[Extracted data entries]
------------------------

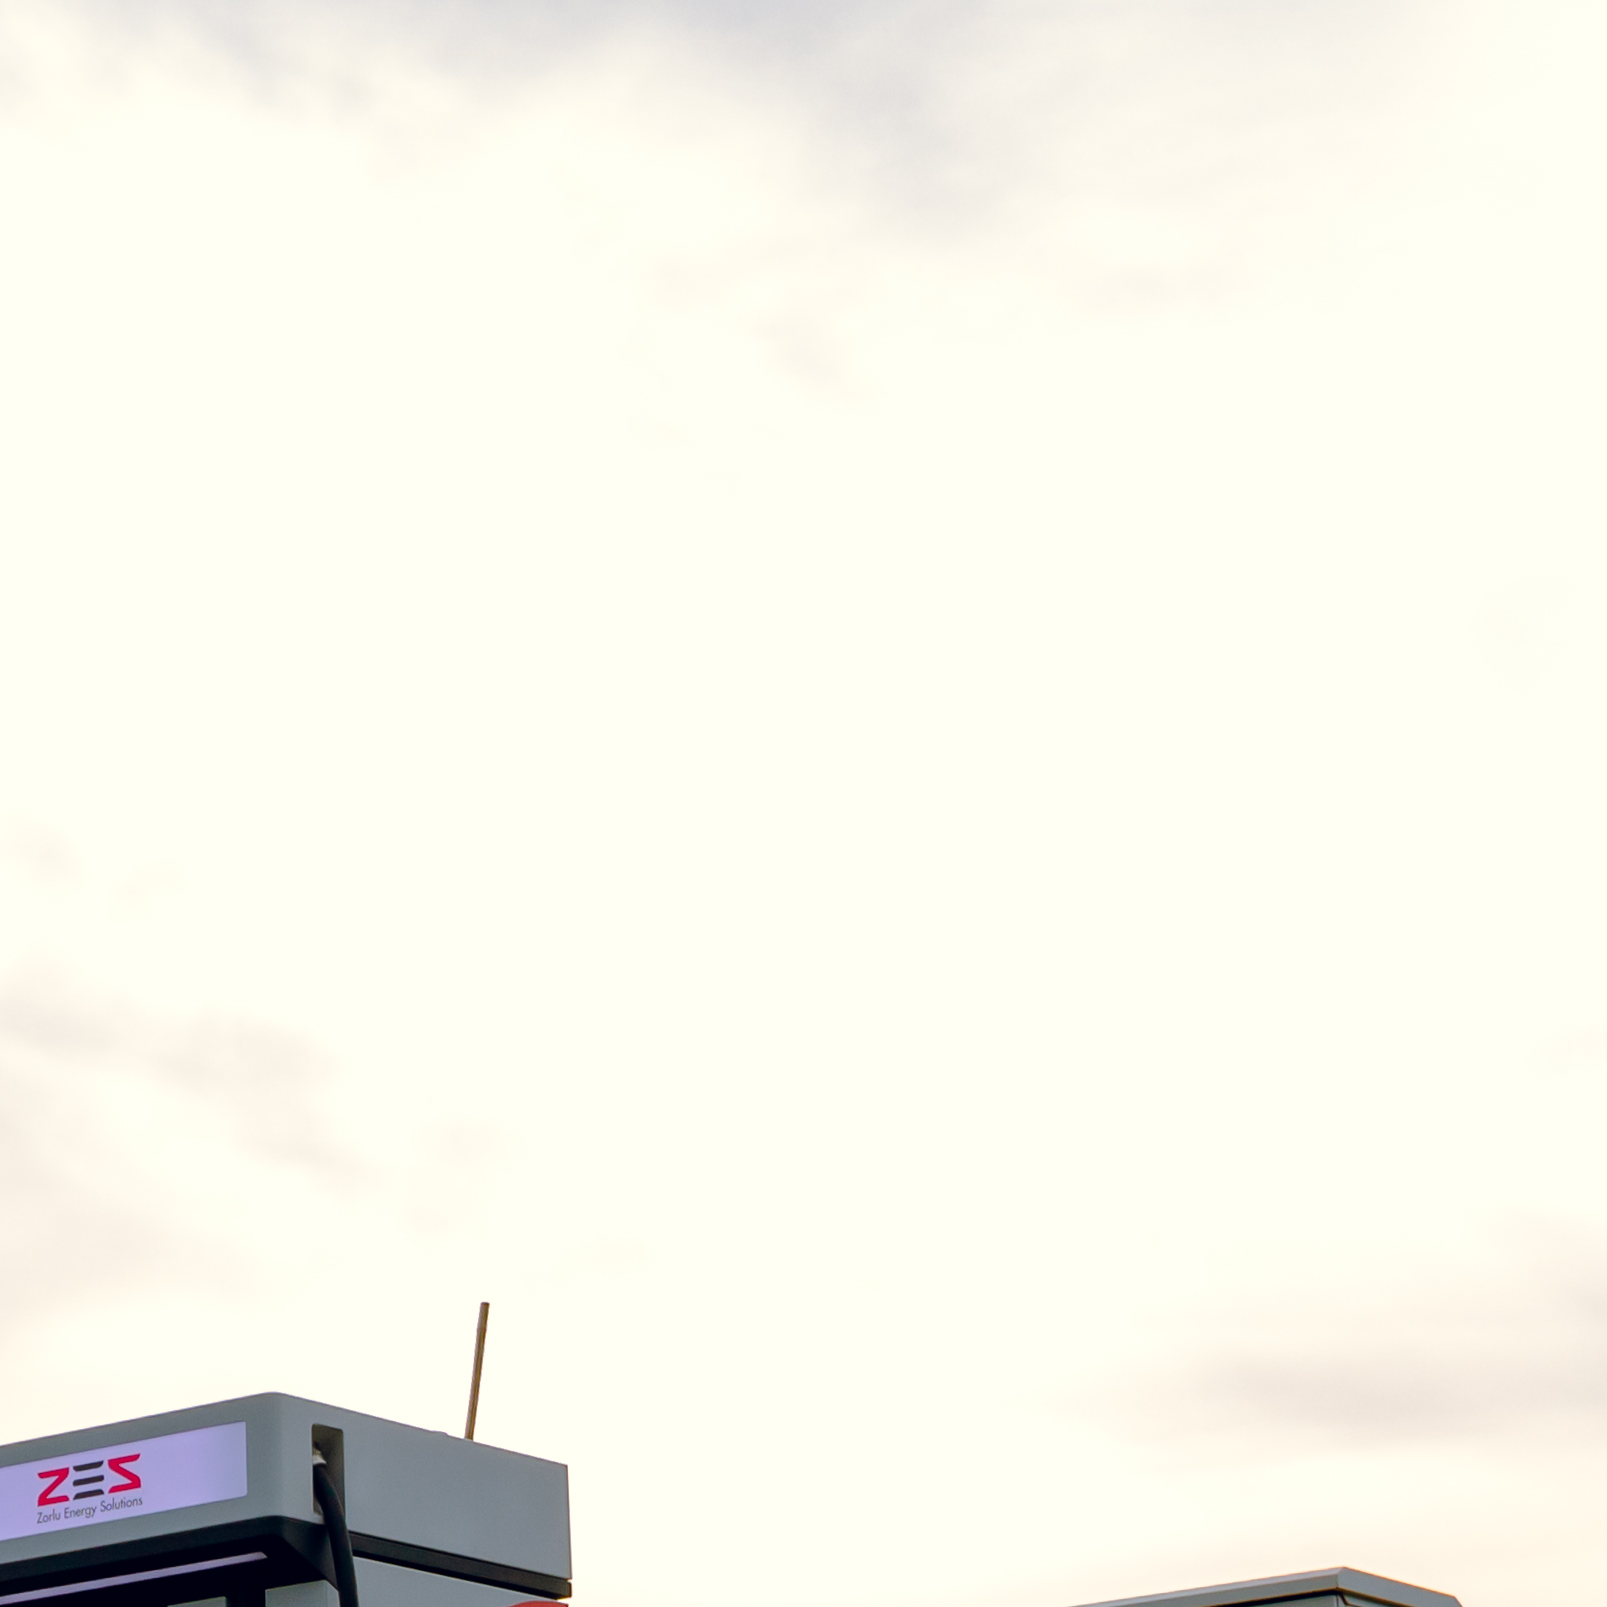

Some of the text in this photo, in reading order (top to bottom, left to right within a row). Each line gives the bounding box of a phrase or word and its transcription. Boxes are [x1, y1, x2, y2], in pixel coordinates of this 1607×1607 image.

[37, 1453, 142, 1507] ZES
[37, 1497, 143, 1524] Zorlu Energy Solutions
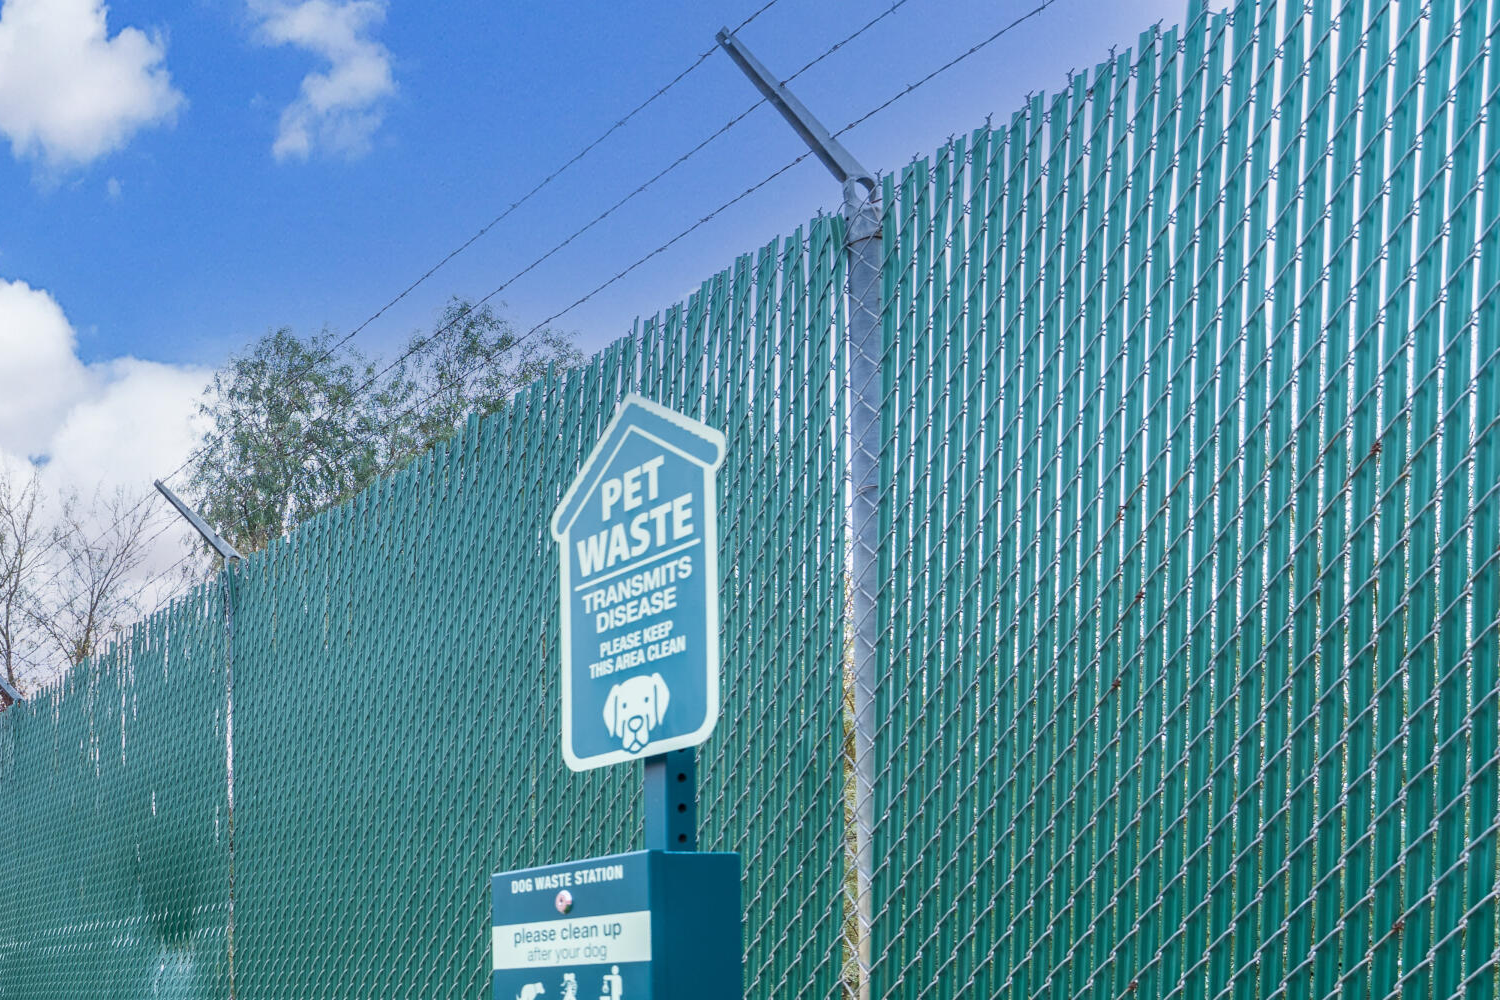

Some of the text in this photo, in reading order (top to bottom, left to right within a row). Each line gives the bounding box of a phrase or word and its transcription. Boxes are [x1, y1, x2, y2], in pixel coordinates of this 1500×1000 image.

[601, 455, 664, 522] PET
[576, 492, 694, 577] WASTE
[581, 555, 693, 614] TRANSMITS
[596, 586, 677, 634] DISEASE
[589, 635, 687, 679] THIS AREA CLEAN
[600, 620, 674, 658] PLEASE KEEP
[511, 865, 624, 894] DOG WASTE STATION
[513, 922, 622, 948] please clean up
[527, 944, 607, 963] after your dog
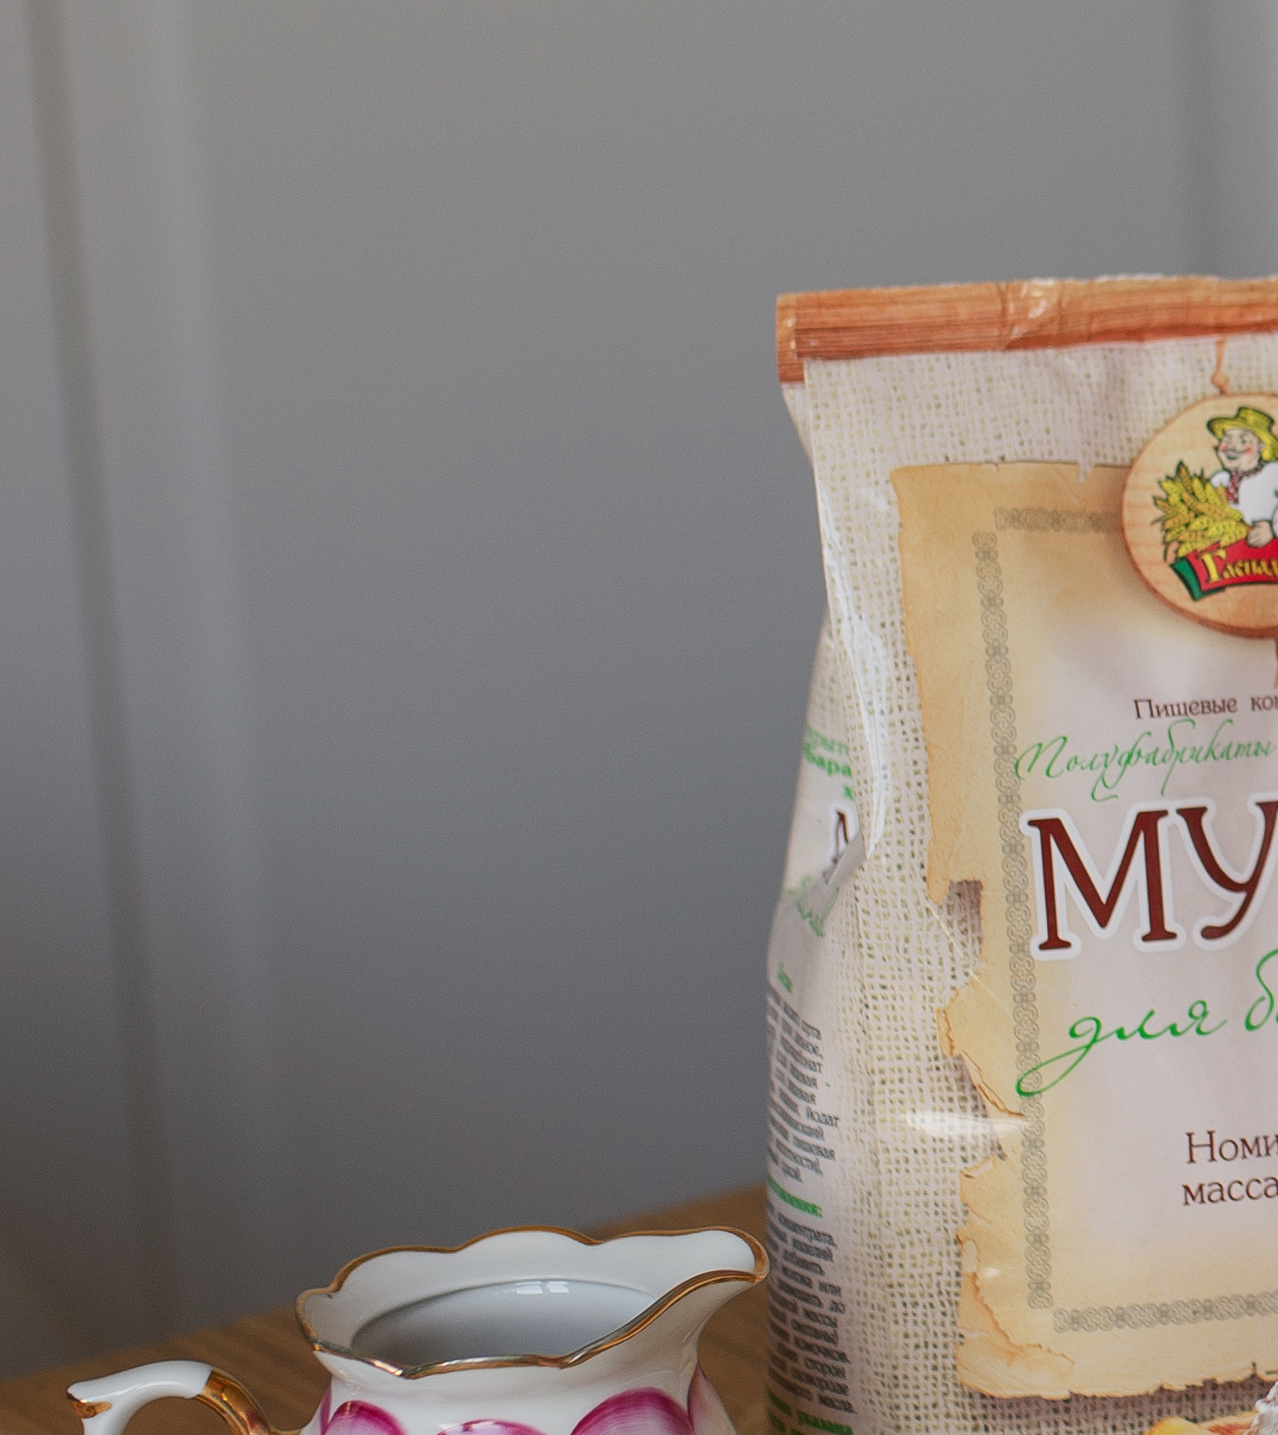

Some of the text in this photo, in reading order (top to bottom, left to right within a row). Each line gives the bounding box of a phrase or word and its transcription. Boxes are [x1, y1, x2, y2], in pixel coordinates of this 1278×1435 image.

------------------------

TASK OBJECTIVE
Write out the records in full and exactly, omitting the pictures they hold.

EXERCISE RESULT
Some of the text in this photo, in reading order (top to bottom, left to right within a row). Each line gives the bounding box of a phrase or word and its transcription. Boxes are [x1, y1, x2, y2], in pixel coordinates of this 1607×1607 image.

[37, 1453, 142, 1507] ZES
[37, 1497, 143, 1524] Zorlu Energy Solutions

Some of the text in this photo, in reading order (top to bottom, left to right within a row). Each line gives the bounding box of a phrase or word and its transcription. Boxes are [x1, y1, x2, y2], in pixel coordinates of this 1500×1000 image.

[601, 455, 664, 522] PET
[576, 492, 694, 577] WASTE
[581, 555, 693, 614] TRANSMITS
[596, 586, 677, 634] DISEASE
[589, 635, 687, 679] THIS AREA CLEAN
[600, 620, 674, 658] PLEASE KEEP
[511, 865, 624, 894] DOG WASTE STATION
[513, 922, 622, 948] please clean up
[527, 944, 607, 963] after your dog

Some of the text in this photo, in reading order (top to bottom, left to right within a row). Each line gives the bounding box of a phrase or word and its transcription. Boxes are [x1, y1, x2, y2], in pixel coordinates of this 1278×1435 image.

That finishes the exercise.